Kasey was about to speak when a roaring noise at her back cut her off. It was such a remarkable and close sound that even the angriest protesters were jolted into a sudden silence.
Everyone turned around.
A pair of large headlights on the road came closer. To stare at these lights was like catching the eye of a Titan-like monster with a fierce, dazzling stare. Even the blackness that threatened to devour Hollywood was momentarily squashed in it presence.
The light approached the double arched gates.
Some people screamed. Others began to push their way through the impenetrable crowd in a bid to run away.
“Tanks!” they yelled. “They’re coming for us.”
Axel’s heart was thumping. He grabbed Kasey’s arm but it was an impotent gesture – they had no chance of making a sudden getaway from Paramount. They, along with Lars and Charlie, were too deep inside the crowd. They were trapped.
A second pair of headlights appeared behind the first vehicle. Both machines snarled in unison as they roamed down Melr
ose, a pair of large predators closing in on their prey.
Axel wasn’t sure if the road was shaking or it was just his legs.
Lars, usually the first to panic, was surprisingly calm. When he smiled at the incoming monsters, Axel began to think he was dreaming. Or that his friend had gone legitimately mad. Surely Lars wasn’t relieved to see the enemy closing in? God knows what awaited all American citizens as these foreign invaders rode into Hollywood on their tanks and trucks, foreign flags flapping in the breeze, devil grins gloating over the destruction of the nation.
“Lars?” Axel said. “What the fuck man?”
But Lars was still smiling.
“Don’t you see?” he said. “I see.”
And a moment later, so did everyone else.
“Holeeeeeeeee shit!” Axel screamed, peering through a gap in between the crowd. Before he knew it he was laughing and jumping up and down, throwing his arms around Kasey, Lars and Charlie. A weight had fallen from his shoulders. The nightmare was far from over of course, but this was the morale boost they needed.

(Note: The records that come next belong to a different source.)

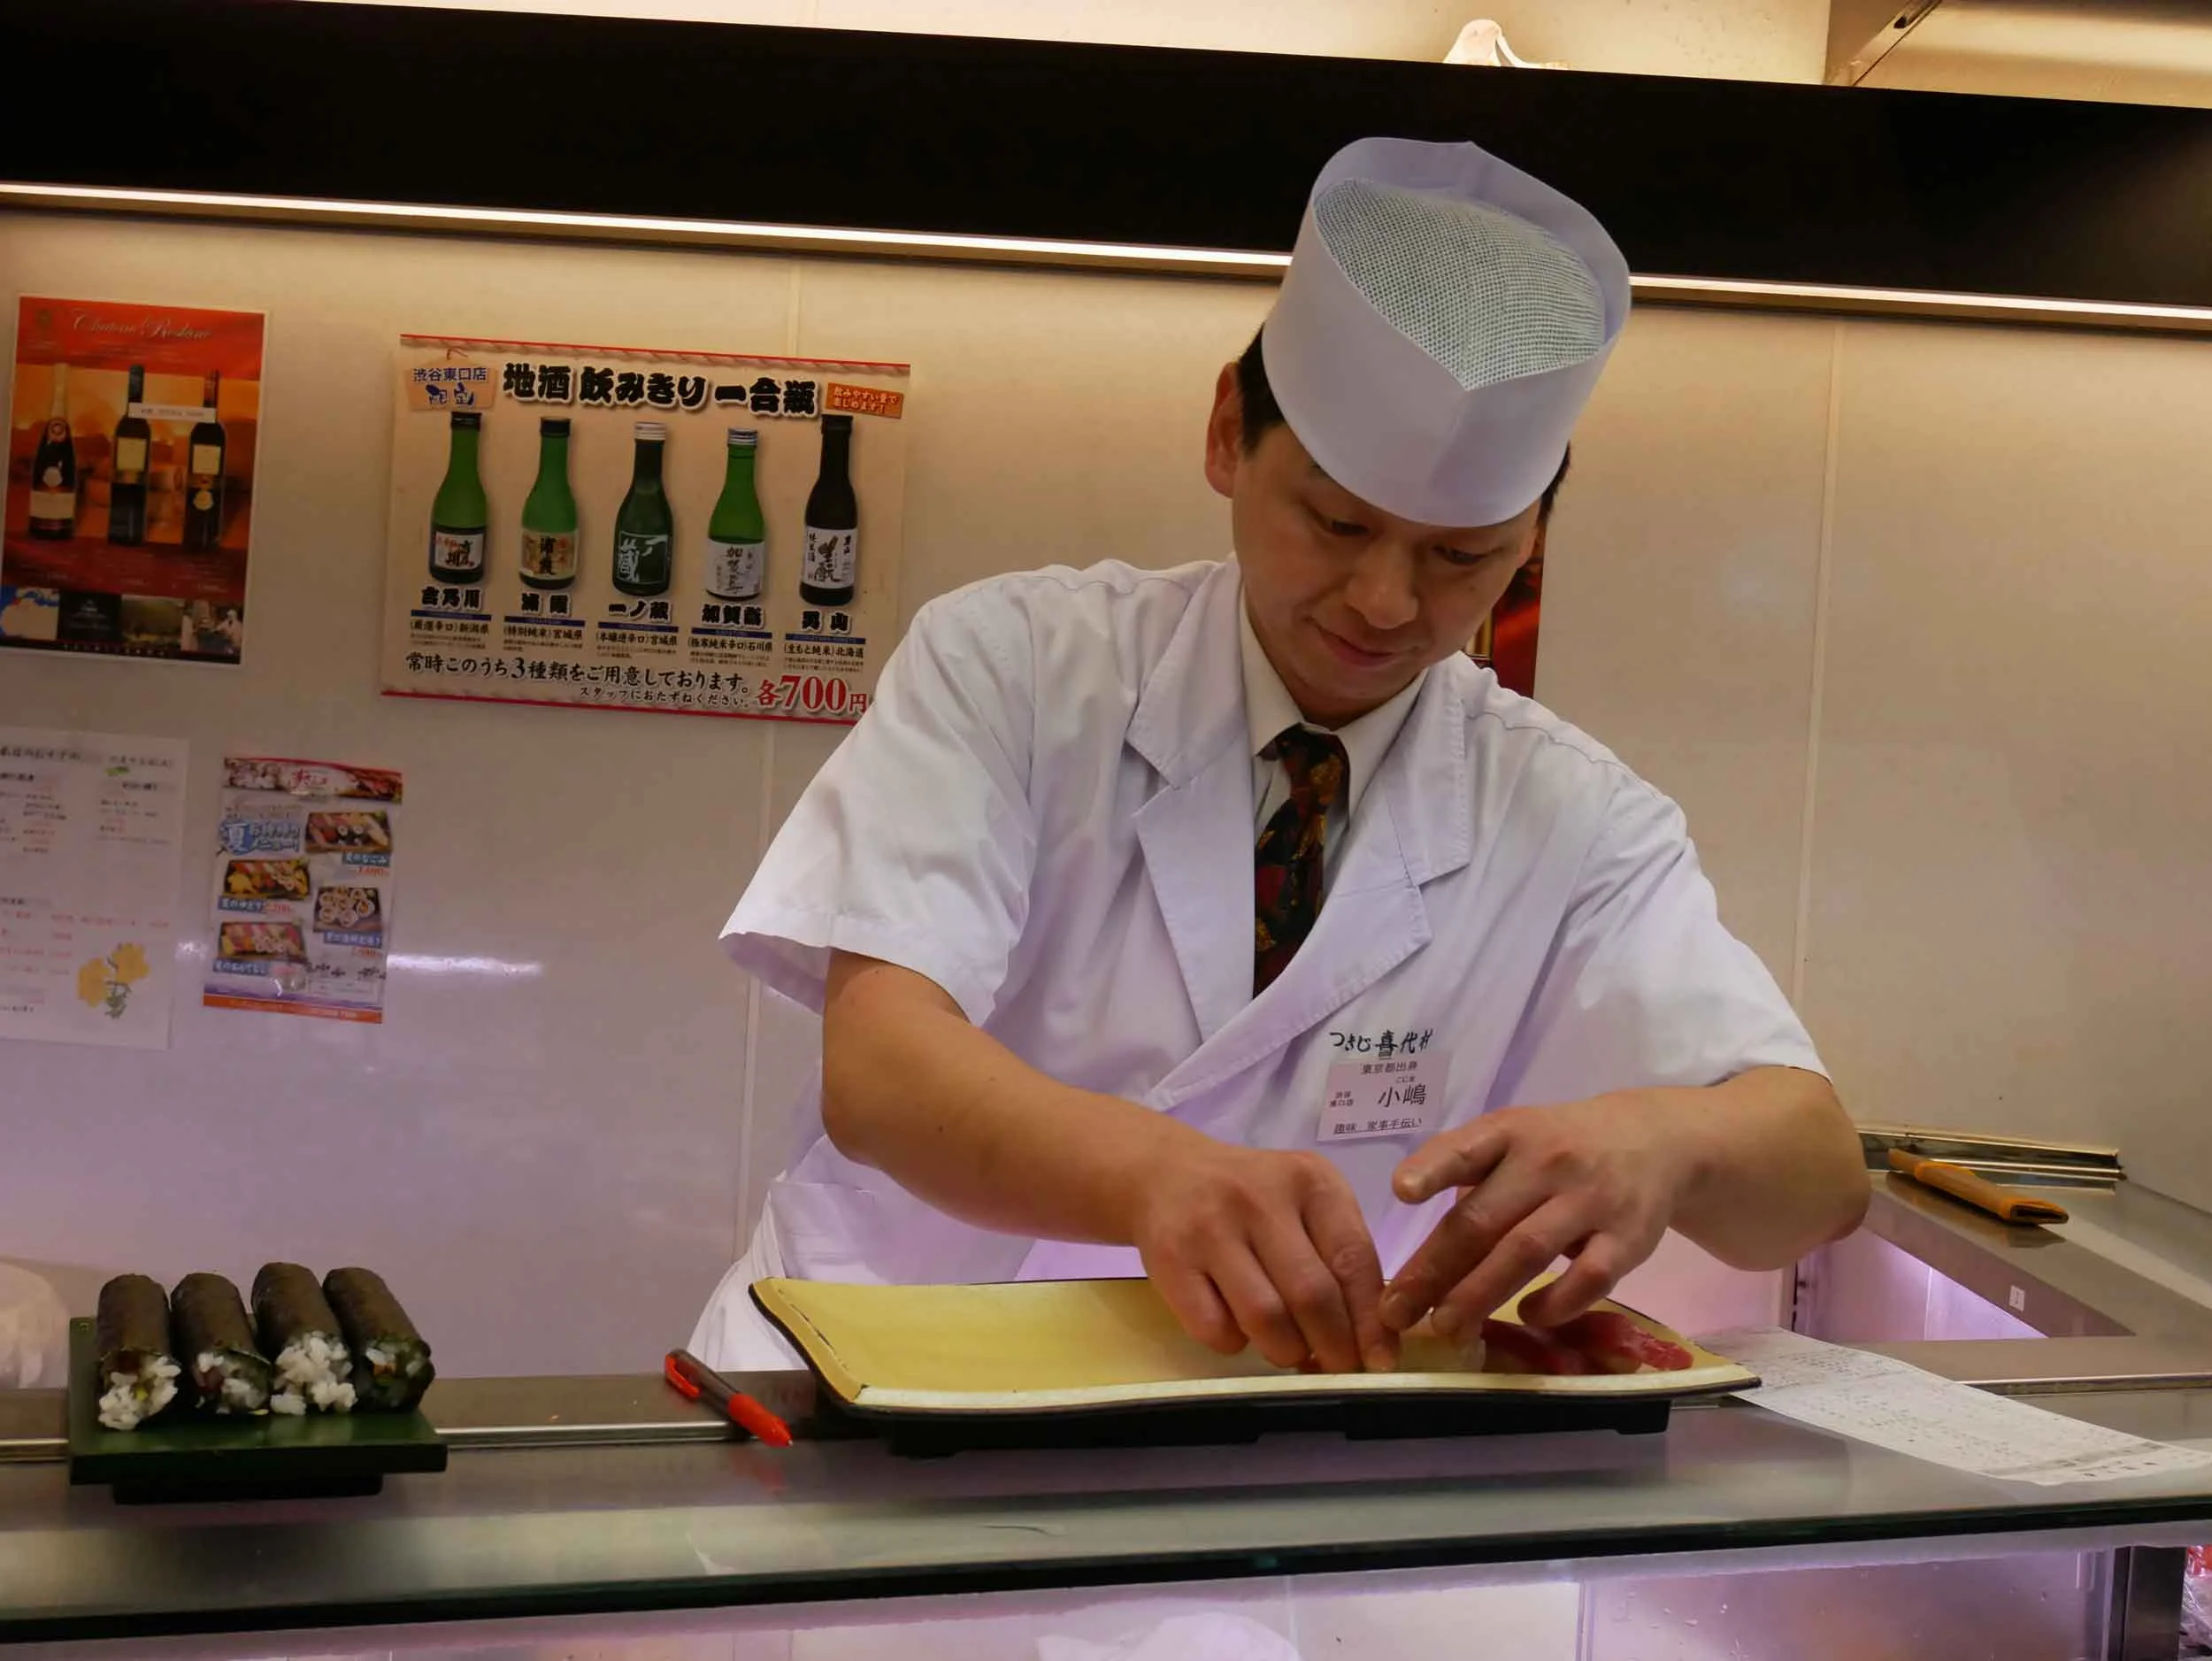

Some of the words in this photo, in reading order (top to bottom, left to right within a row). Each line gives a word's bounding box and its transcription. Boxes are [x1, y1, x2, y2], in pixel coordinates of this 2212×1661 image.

[413, 367, 487, 383] 渋谷東口店
[608, 600, 670, 619] 一ノ蔵
[406, 651, 750, 694] 常時このうち3種類をご用意しております。
[580, 686, 750, 708] スタッフにおたずねください。
[1362, 1061, 1418, 1075] 東京都出身
[1378, 1084, 1426, 1108] 小嶋

It was a break. A goddamn break, at long last.
“We’re going to be alright,” Axel told his friends. “ Look you guys. The cavalry’s arrived.”
Chapter 3
The Monster Bus-Tanks, known as MBTs, were about twenty-five feet tall. Give or take. They were wider than a regular bus with chromium plated exteriors and protruding steel-grille bumpers, which made them look like transport from a harsh and unforgiving, desert-landscape future. Sharp machete-like spears stood out at the front, nicely complimenting the vicious bumper-teeth.
The first MBT driving down Melrose Avenue was blood red in color. The one at its tail was dark blue, the shade of a deep pool of water.
Black machine gun barrels, every bit as flexible as human limbs, jutted out from either side of both Monster Bus-Tanks.
“Jaws and Kong,” Kasey said, grinning. “They’re here to help us.”
“Thank God,” Charlie said, groaning with relief. “But who’s in them?”
This sudden change in mood, from despair to joy, was jarring. It was also infectious, spreading across the crowd instantly. The crowd knew the MBTs, knew that their appearance on Melrose had nothing to do with the invaders. Jaws and Kong were two of three MBTs featured in Paramount’s biggest TV show, Goliath, which was currently in its fifth season and still going strong. Goliath followed the adventures of hard-bitten loner, Chuck Kowalski, played by actor and former UFC heavyweight champion Butch Nolan. Kowalski, along with several other characters in the show, lived in a zombie-ridden, post-apocalyptic America, driving around the barren wasteland in the MBTs, searching for a cure for the manmade disease that gave rise to the plague of undead.